Sathyamala wrote, “it cannot be denied that one-third of the trial participants who received Depo-Provera were knowingly subjected to a drug with potentially fatal outcome.” She also took issue with the recruitment methods, alleging that the incentives used as part of the recruitment strategy amounted to coercion.

The ECHO investigators disputed these allegations in the strongest possible terms. Sathyamala declined an interview request.

“This article, frankly, did surprise us,” said Helen Rees, M.D., executive director of the Wits Reproductive Health and HIV Institute and one of the lead investigators of the ECHO trial.

From the start, ECHO investigators were careful to solicit input on the study design from the community, according to Dázon Dixon Diallo, D.H.L., M.P.H., founder and president of SisterLove.

“What the ECHO trial did that hadn’t been done before was [solicit] a deep level of community engagement,” she said. “A large part of that trial design was inspired by women who are in the HIV community and women who are on contraception.”

Rees and Baeten said that women who participated in the ECHO study were more thoroughly informed and consented than Sathyamala implied.

Kiarie added that a data safety and monitoring board (DSMB) met four separate times during the course of the study, noting that “if metrics had suggested lack of equipoise, the DSMB would have recommended that the study cease.”
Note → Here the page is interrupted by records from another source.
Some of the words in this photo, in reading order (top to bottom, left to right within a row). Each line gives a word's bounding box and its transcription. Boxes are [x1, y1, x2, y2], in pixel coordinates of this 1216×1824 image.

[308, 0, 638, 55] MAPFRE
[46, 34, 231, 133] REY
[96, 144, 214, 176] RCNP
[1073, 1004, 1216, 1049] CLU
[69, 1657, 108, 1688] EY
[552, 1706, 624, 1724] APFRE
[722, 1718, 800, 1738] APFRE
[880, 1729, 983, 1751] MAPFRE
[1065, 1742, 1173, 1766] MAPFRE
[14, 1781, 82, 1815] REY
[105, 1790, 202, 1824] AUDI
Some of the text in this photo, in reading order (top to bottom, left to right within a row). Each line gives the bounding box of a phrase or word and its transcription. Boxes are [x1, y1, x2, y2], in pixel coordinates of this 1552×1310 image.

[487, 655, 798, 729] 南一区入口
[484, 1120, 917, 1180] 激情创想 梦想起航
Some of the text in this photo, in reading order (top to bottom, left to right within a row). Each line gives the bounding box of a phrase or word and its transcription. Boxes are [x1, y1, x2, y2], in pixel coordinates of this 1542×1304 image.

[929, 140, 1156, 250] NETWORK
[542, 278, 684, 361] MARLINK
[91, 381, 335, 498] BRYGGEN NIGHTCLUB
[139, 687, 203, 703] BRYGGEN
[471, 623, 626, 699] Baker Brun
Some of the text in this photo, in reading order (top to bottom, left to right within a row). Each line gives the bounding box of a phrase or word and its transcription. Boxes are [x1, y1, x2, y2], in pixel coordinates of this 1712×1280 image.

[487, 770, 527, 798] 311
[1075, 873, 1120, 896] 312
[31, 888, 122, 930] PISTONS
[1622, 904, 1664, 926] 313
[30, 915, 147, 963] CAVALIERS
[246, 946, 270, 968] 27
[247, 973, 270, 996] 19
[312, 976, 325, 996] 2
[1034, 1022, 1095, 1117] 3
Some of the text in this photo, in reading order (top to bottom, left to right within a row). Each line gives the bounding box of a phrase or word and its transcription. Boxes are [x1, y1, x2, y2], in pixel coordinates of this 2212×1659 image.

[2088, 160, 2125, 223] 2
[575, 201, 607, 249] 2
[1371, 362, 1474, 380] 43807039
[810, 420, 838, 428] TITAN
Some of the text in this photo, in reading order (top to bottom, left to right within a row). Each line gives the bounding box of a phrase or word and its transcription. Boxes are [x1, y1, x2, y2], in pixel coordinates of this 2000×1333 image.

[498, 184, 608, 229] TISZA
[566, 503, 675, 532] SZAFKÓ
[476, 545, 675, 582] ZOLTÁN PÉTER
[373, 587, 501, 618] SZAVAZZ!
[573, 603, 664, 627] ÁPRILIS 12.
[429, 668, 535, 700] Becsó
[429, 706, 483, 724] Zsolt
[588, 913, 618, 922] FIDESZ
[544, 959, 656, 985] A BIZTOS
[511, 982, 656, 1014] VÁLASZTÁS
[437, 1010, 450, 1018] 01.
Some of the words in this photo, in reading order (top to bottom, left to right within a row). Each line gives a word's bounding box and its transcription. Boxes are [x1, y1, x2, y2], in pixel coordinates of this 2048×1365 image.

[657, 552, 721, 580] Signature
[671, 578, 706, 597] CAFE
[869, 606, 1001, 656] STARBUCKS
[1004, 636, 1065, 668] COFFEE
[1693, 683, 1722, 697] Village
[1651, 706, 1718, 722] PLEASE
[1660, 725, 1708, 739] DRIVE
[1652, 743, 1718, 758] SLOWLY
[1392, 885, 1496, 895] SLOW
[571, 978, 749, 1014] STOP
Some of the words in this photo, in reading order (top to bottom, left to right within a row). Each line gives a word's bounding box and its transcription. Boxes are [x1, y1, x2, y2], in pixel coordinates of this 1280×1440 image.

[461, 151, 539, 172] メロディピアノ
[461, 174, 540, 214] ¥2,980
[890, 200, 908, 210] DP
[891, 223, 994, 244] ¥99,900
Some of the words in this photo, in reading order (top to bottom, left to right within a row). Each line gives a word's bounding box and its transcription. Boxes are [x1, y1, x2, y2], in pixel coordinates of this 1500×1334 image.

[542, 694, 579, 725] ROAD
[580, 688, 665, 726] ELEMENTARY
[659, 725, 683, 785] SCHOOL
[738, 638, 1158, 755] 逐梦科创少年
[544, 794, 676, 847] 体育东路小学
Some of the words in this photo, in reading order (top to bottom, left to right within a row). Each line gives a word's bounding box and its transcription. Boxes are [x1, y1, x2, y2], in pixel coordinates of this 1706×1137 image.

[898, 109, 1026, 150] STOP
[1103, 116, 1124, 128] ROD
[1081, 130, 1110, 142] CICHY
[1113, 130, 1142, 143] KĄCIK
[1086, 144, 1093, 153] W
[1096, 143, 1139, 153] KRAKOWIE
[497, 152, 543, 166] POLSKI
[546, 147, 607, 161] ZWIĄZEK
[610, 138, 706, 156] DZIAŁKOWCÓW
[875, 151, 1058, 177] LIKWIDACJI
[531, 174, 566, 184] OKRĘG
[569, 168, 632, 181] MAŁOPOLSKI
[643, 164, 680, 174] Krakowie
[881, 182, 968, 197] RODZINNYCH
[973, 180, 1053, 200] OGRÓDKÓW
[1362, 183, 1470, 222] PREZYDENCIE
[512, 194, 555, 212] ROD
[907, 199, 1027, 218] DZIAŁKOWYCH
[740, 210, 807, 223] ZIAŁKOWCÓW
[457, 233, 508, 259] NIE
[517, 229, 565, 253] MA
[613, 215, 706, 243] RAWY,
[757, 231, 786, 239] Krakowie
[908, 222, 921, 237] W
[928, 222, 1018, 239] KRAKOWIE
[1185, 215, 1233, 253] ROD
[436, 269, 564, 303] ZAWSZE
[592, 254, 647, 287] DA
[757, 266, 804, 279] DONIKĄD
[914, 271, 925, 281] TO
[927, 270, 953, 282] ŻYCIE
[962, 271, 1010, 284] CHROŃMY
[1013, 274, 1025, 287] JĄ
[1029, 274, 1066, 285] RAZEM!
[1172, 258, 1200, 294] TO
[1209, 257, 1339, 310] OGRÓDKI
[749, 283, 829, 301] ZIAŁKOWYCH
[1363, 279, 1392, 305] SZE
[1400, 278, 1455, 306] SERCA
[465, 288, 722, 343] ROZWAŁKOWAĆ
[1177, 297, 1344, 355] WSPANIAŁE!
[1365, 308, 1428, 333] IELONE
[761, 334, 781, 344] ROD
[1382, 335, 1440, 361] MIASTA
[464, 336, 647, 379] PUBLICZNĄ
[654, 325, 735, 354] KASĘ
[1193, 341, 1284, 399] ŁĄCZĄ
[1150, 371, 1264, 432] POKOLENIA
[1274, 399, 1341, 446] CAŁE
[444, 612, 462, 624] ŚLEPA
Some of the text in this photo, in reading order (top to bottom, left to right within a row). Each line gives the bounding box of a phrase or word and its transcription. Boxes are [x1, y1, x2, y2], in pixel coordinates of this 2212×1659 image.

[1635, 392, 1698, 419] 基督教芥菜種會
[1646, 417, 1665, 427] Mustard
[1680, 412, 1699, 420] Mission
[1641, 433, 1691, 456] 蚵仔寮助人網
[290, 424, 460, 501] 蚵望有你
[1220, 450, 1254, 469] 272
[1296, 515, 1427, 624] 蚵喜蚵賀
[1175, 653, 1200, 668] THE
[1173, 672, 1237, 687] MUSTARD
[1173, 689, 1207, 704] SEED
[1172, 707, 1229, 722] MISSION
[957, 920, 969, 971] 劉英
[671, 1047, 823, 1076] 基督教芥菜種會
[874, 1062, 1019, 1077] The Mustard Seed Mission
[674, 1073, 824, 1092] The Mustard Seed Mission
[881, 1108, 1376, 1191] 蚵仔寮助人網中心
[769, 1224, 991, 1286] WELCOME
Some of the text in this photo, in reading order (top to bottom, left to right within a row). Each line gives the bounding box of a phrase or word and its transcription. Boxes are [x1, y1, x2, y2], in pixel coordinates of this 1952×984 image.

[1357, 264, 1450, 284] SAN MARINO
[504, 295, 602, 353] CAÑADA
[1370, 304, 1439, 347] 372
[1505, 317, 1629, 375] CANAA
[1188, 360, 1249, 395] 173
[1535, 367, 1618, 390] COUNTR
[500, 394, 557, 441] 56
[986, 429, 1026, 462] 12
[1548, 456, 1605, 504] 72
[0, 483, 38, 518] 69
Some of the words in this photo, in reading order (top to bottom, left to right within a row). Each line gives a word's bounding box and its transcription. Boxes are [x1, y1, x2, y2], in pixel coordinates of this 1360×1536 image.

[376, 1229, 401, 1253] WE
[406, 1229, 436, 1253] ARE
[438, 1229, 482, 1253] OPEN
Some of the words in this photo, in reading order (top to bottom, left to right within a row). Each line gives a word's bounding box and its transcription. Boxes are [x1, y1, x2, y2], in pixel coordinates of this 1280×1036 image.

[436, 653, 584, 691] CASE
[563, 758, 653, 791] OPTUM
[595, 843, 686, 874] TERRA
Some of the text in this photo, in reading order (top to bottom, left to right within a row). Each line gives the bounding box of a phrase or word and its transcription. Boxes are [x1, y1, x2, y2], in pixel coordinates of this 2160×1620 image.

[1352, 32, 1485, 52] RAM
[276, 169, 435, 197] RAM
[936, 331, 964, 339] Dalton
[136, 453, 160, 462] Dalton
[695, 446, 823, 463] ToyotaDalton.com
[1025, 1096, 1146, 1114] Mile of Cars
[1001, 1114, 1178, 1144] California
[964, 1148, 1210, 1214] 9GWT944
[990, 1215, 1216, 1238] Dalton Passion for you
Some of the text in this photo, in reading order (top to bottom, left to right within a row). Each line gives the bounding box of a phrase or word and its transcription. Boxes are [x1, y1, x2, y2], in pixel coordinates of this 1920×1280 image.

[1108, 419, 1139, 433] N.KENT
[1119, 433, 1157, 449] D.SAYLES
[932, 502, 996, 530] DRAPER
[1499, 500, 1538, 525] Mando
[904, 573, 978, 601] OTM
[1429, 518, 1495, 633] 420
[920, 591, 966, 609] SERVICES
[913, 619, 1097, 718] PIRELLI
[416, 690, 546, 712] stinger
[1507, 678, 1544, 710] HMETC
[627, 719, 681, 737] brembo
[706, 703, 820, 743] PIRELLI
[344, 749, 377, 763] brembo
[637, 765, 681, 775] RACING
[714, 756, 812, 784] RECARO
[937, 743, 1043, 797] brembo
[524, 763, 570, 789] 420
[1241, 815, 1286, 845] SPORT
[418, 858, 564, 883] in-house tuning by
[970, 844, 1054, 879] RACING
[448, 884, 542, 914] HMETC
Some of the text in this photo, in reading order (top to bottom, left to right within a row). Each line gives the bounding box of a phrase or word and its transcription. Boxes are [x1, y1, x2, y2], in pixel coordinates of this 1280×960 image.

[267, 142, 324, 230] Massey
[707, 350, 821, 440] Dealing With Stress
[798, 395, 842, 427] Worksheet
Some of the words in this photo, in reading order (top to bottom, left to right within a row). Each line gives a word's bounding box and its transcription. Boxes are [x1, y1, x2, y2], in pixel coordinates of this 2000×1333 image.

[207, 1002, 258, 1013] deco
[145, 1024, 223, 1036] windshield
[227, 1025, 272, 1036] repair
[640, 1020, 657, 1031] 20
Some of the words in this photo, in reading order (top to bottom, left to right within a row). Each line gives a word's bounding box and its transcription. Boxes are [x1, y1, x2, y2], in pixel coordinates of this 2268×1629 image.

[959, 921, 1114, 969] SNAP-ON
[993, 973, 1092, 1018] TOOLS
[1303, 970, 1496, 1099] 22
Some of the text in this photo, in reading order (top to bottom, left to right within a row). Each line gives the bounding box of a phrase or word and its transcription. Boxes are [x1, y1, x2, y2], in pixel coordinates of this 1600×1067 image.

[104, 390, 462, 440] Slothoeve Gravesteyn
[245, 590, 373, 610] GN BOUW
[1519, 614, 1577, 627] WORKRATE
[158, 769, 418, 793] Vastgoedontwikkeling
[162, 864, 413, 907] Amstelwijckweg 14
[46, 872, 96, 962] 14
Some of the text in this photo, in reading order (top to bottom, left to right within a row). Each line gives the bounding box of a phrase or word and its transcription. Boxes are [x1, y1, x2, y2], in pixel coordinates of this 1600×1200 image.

“Serious scientists from Africa, the U.S., and the WHO probably put more thought into the design of this study — the ethics of it — probably than ever before,” said Rees. “Both Jared and I have been researchers for many years. When something is going wrong, people do report it. We didn’t have a single report from any site.”

 

Beyond the Backlash

Although these two critiques of the ECHO study hail from different corners of the advocacy world, they are united by the “red hot” context in which the ECHO trial takes place, said Warren.

“What’s common about both of these is that this trial has been shrouded in controversy — not because of the trial, but because of the issues,” Warren said, noting women in Africa are facing assault from multiple fronts — the coercive use of DMPA-IM and the unacceptably high rate of HIV infection.

The history of DMPA-IM has been so traumatic that, counterintuitively, some African advocates hoped ECHO would show an increased risk of HIV — data that might disqualify DMPA-IM as a feasible contraceptive option moving forward, Dixon Diallo said.

“What they found is that it is equal to the others,” she said. “That is actually good news for women’s reproductive rights advocates.” Now, advocates have evidence to argue that women should be offered multiple contraception options “and allow them to choose what’s best.”